▶ [Prompt]: Leaving the pictures aside, restate all of the data exactly.

Material for the task Block Start

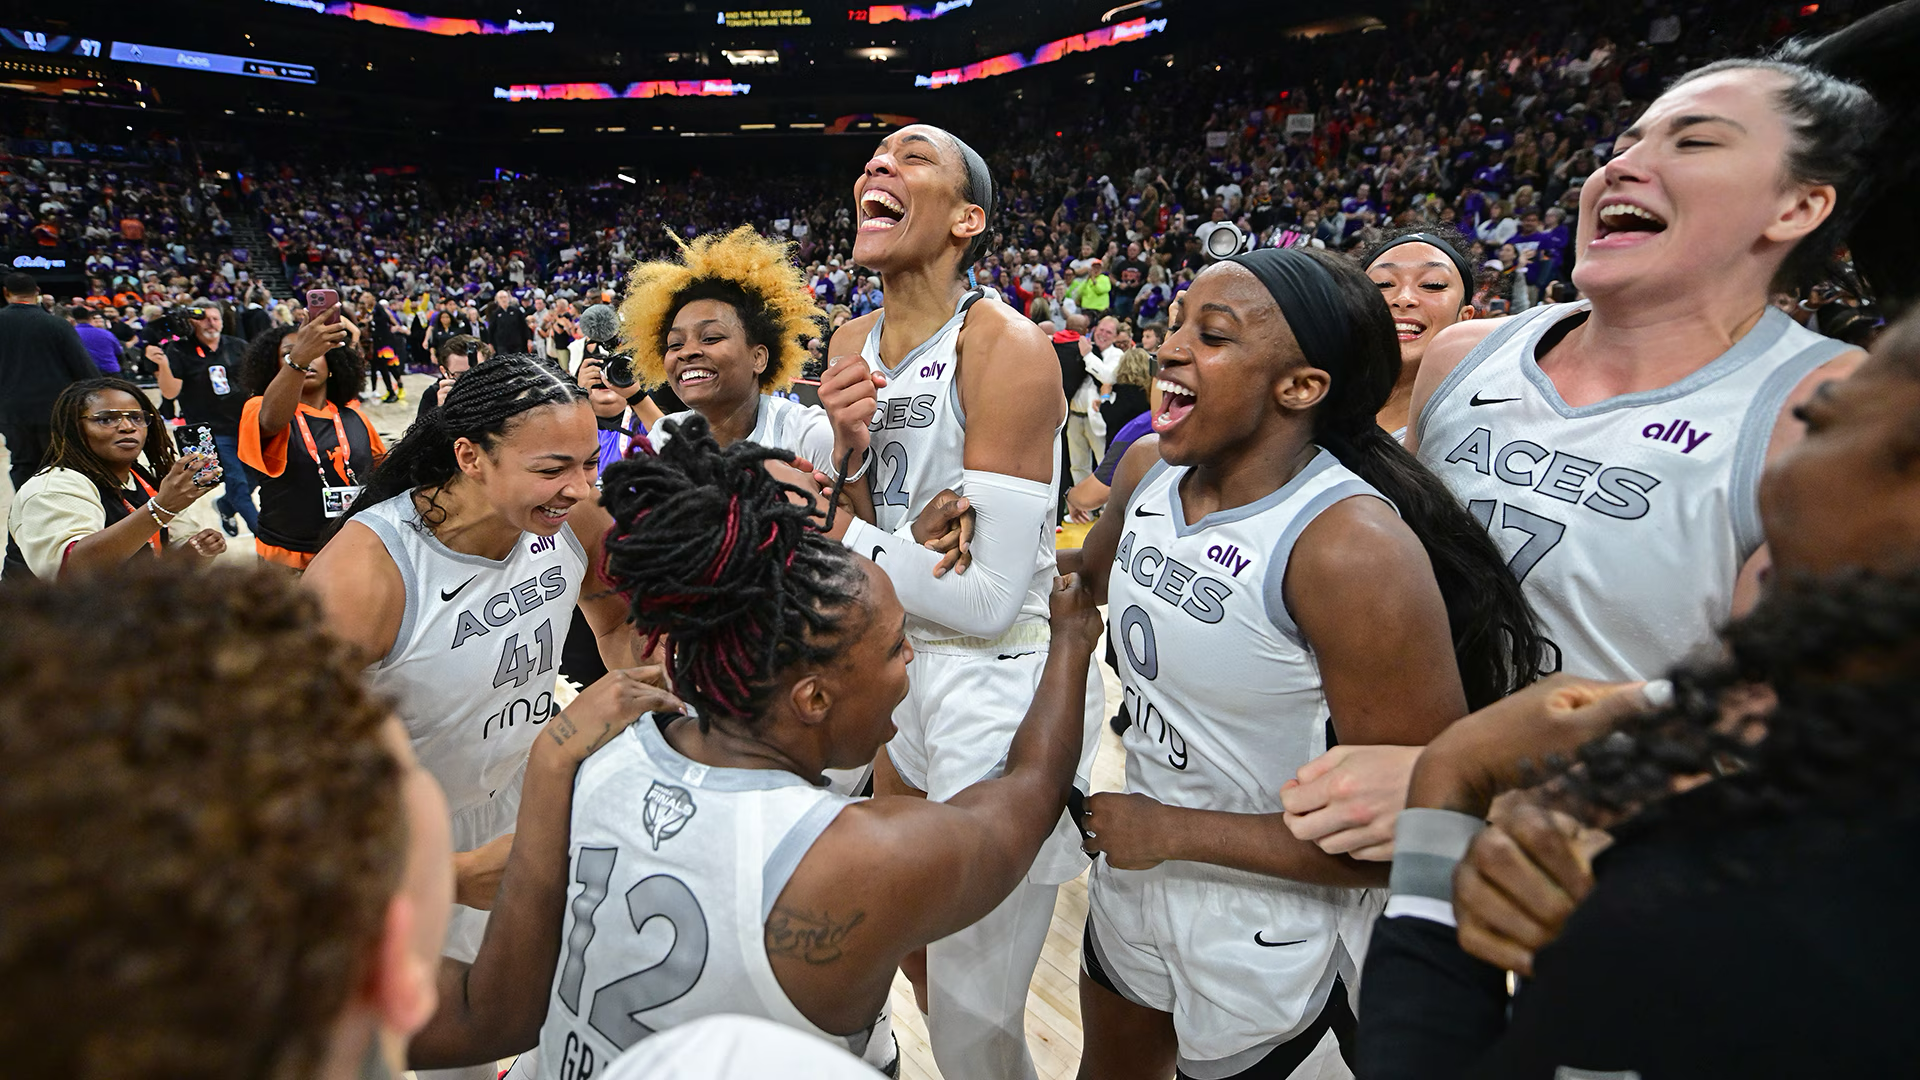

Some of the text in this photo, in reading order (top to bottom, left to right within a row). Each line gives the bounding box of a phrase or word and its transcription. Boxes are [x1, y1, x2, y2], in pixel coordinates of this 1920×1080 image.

[80, 39, 101, 58] 97
[177, 53, 210, 68] Aces
[920, 360, 947, 380] ally
[868, 394, 937, 432] CES
[1642, 419, 1712, 454] ally
[1445, 427, 1661, 520] ACES
[530, 535, 555, 554] ally
[1207, 544, 1252, 578] ally
[1114, 531, 1233, 624] ACES
[451, 565, 567, 650] ACES
[492, 618, 553, 689] 41
[1120, 604, 1158, 681] 0
[483, 691, 552, 740] ring
[1125, 685, 1188, 771] ring
[646, 789, 693, 817] FINALS
[558, 847, 709, 1051] 12
[560, 1031, 608, 1080] GR
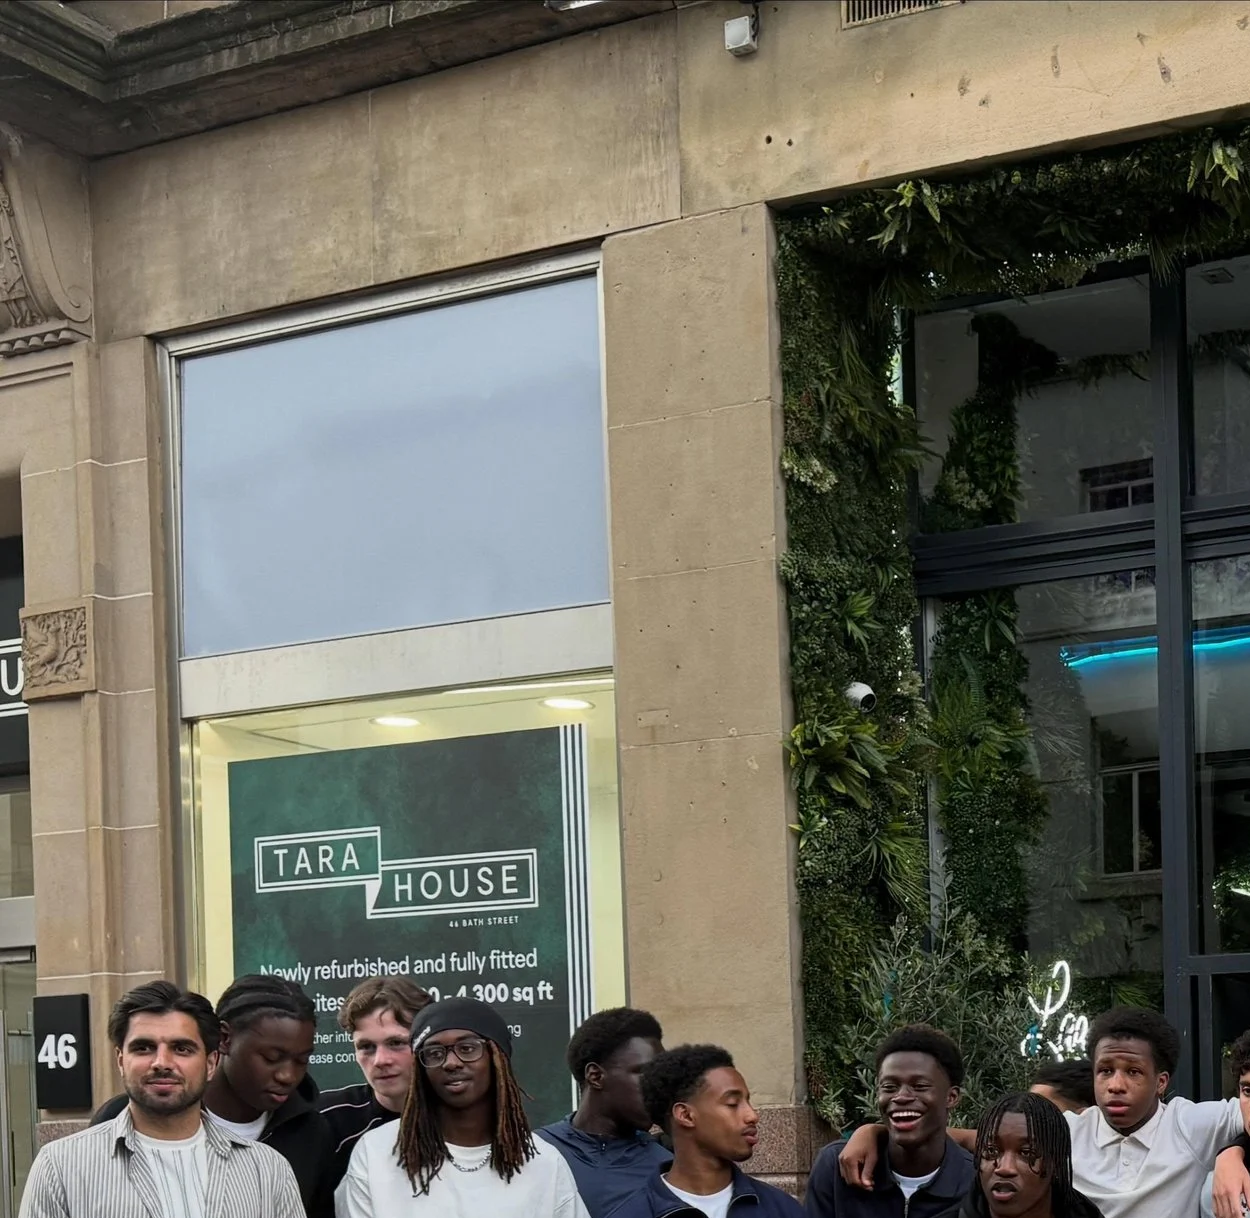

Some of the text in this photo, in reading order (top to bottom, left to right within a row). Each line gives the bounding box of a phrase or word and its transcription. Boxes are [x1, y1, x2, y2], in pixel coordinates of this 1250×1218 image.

[273, 842, 360, 877] TARA
[394, 864, 518, 902] HOUSE
[462, 918, 484, 927] BATH
[487, 915, 519, 926] STREET
[260, 947, 538, 986] Newly refurbished and fully fitted
[512, 986, 534, 1006] sq
[537, 980, 554, 1001] ft
[37, 1033, 77, 1069] 46

Material for the task Block End

▶ [Solution to the problem]:
Some of the text in this photo, in reading order (top to bottom, left to right within a row). Each line gives the bounding box of a phrase or word and its transcription. Boxes are [x1, y1, x2, y2], in pixel coordinates of this 1920×1080 image.

[80, 39, 101, 58] 97
[177, 53, 210, 68] Aces
[920, 360, 947, 380] ally
[868, 394, 937, 432] CES
[1642, 419, 1712, 454] ally
[1445, 427, 1661, 520] ACES
[530, 535, 555, 554] ally
[1207, 544, 1252, 578] ally
[1114, 531, 1233, 624] ACES
[451, 565, 567, 650] ACES
[492, 618, 553, 689] 41
[1120, 604, 1158, 681] 0
[483, 691, 552, 740] ring
[1125, 685, 1188, 771] ring
[646, 789, 693, 817] FINALS
[558, 847, 709, 1051] 12
[560, 1031, 608, 1080] GR

Some of the text in this photo, in reading order (top to bottom, left to right within a row). Each line gives the bounding box of a phrase or word and its transcription. Boxes are [x1, y1, x2, y2], in pixel coordinates of this 1250×1218 image.

[273, 842, 360, 877] TARA
[394, 864, 518, 902] HOUSE
[462, 918, 484, 927] BATH
[487, 915, 519, 926] STREET
[260, 947, 538, 986] Newly refurbished and fully fitted
[512, 986, 534, 1006] sq
[537, 980, 554, 1001] ft
[37, 1033, 77, 1069] 46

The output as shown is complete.